Records supplied.
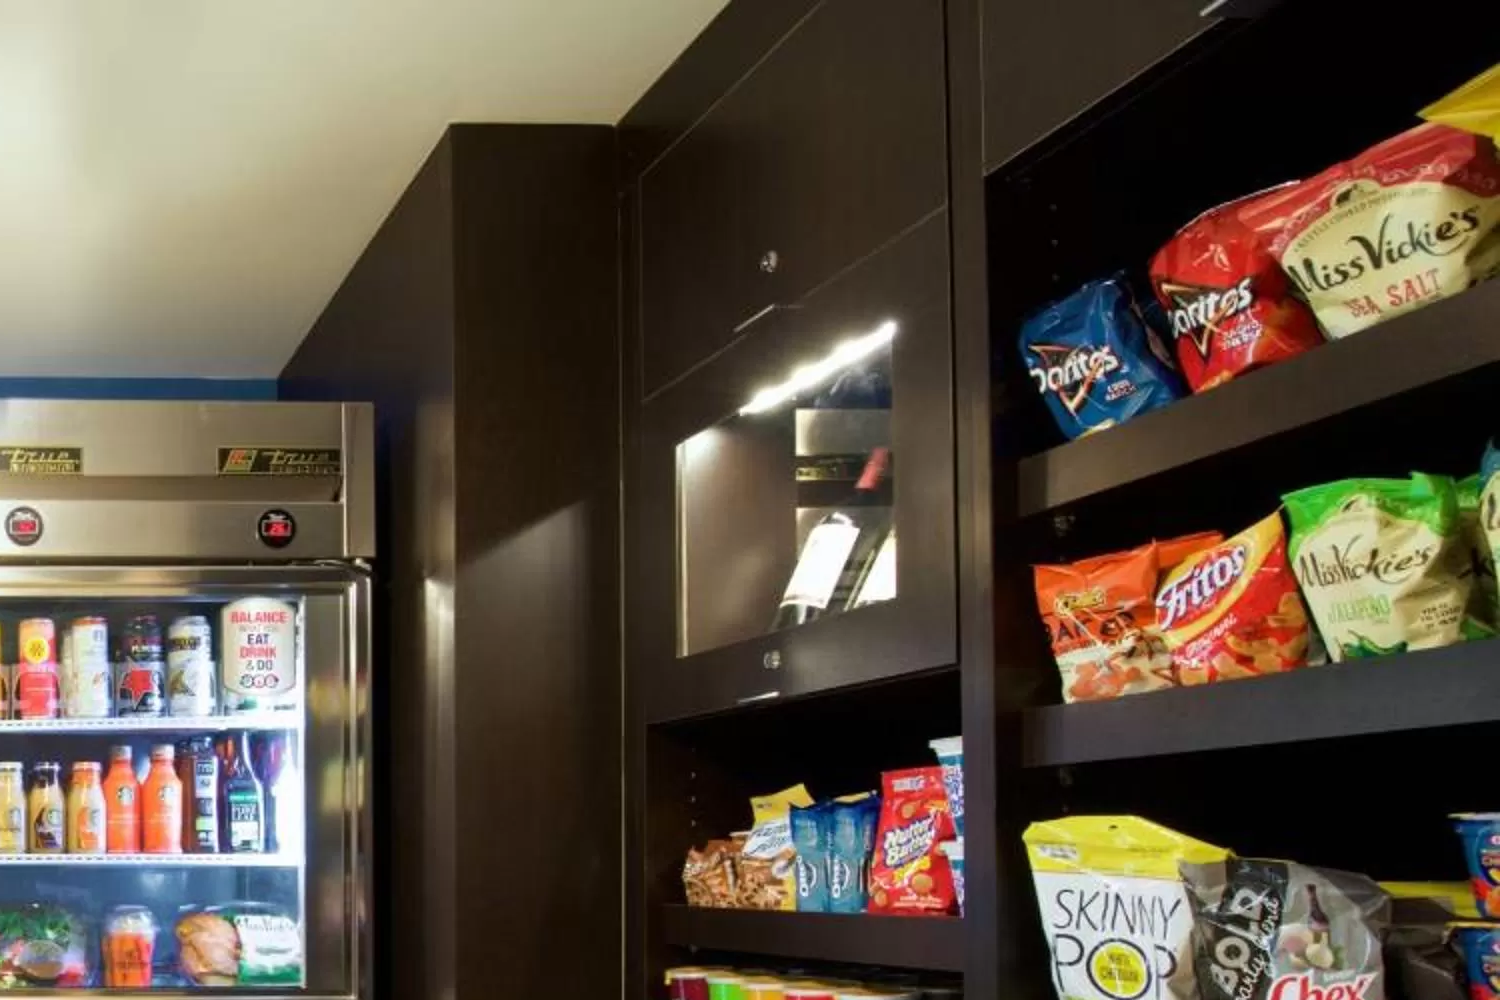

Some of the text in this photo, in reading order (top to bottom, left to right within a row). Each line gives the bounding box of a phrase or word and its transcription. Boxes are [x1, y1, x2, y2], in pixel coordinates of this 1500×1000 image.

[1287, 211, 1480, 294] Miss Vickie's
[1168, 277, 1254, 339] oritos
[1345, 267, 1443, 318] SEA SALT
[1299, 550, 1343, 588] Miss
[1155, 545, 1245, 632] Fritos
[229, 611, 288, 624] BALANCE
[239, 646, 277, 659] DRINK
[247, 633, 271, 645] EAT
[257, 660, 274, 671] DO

Prompt.
Give the entries again exactly. Pictures stay out.

Task output.
Some of the text in this photo, in reading order (top to bottom, left to right within a row). Each line gives the bounding box of a phrase or word and its transcription. Boxes are [x1, y1, x2, y2], in pixel coordinates of this 1500×1000 image.

[1287, 211, 1480, 294] Miss Vickie's
[1168, 277, 1254, 339] oritos
[1345, 267, 1443, 318] SEA SALT
[1299, 550, 1343, 588] Miss
[1155, 545, 1245, 632] Fritos
[229, 611, 288, 624] BALANCE
[239, 646, 277, 659] DRINK
[247, 633, 271, 645] EAT
[257, 660, 274, 671] DO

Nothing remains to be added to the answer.